======== RECORDS FOR THE EXERCISE ========

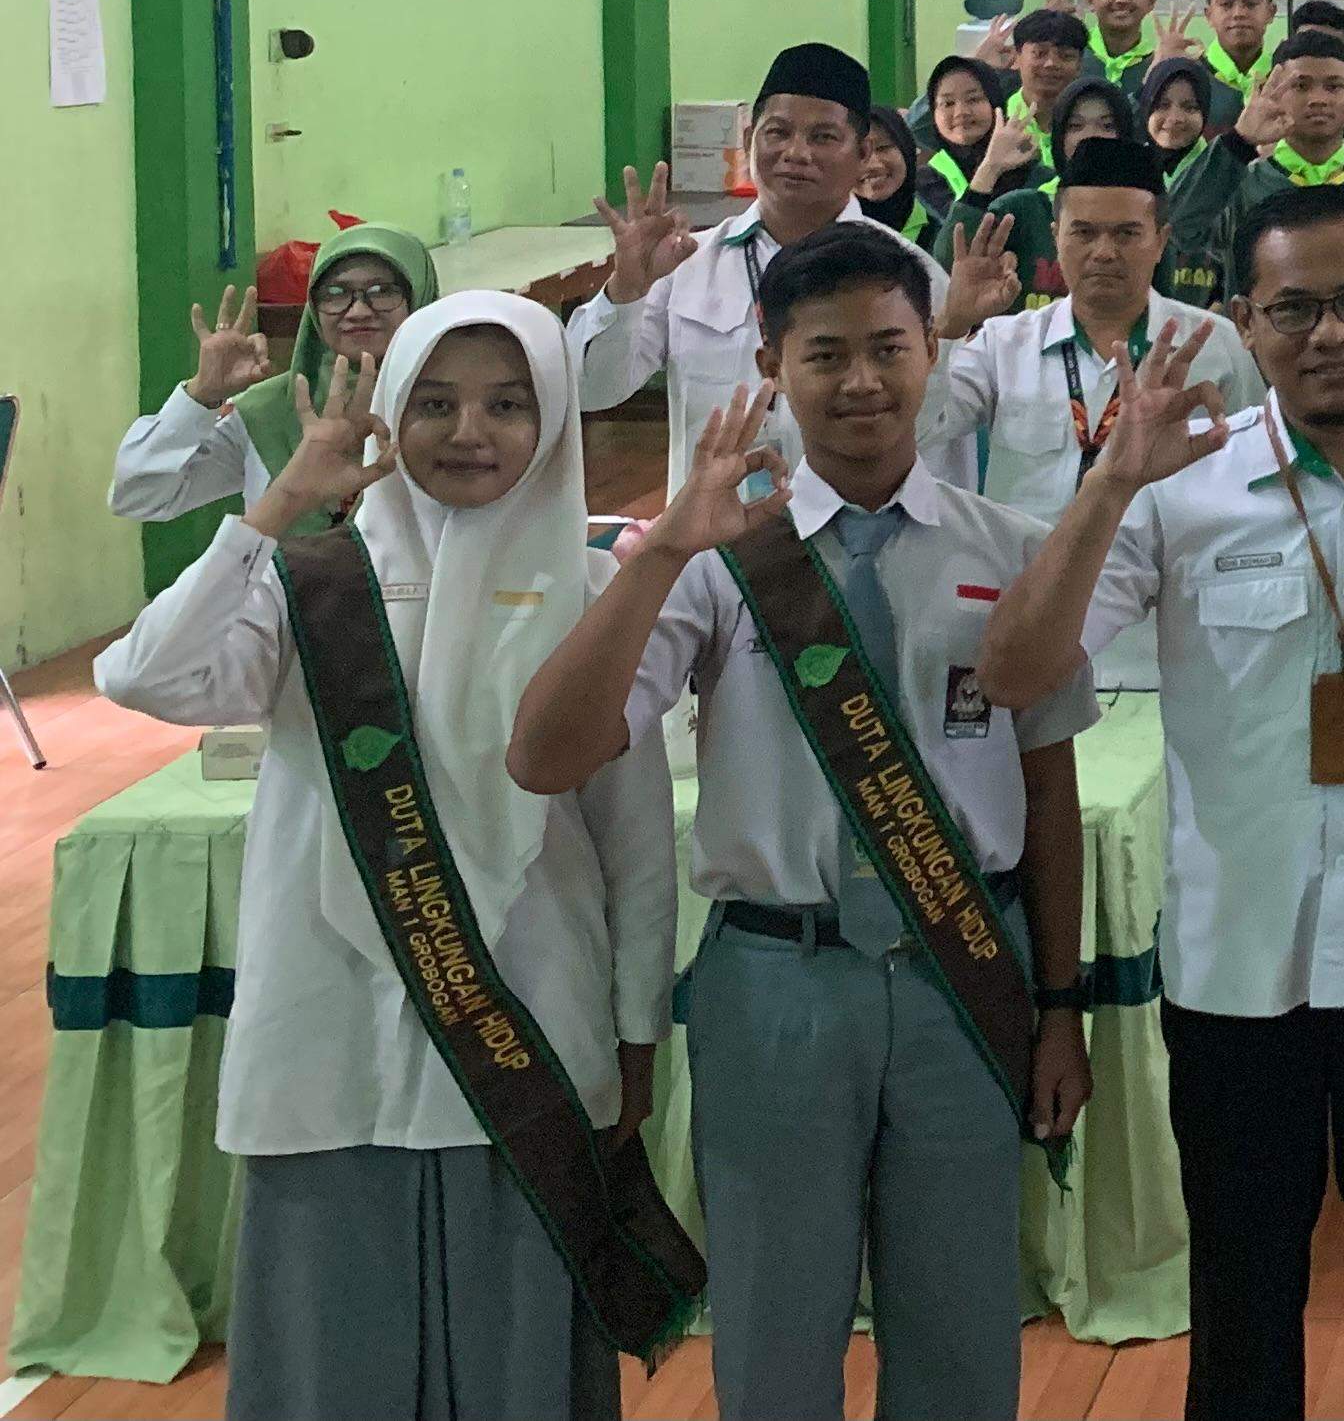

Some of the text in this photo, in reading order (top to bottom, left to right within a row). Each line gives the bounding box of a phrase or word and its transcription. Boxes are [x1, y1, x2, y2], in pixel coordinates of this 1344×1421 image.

[384, 783, 531, 1071] DUTA LINGKUNGAN HIDUP
[840, 691, 999, 962] DUTA LINGKUNGAN HIDUP
[857, 776, 947, 925] MAN 1 GROBOGAN
[386, 869, 464, 1027] MAN 1 GROBOGAN

========

_EXERCISE:_ Restate the records above word for word. Skip every picture.

_REPLY:_
Some of the text in this photo, in reading order (top to bottom, left to right within a row). Each line gives the bounding box of a phrase or word and its transcription. Boxes are [x1, y1, x2, y2], in pixel coordinates of this 1344×1421 image.

[384, 783, 531, 1071] DUTA LINGKUNGAN HIDUP
[840, 691, 999, 962] DUTA LINGKUNGAN HIDUP
[857, 776, 947, 925] MAN 1 GROBOGAN
[386, 869, 464, 1027] MAN 1 GROBOGAN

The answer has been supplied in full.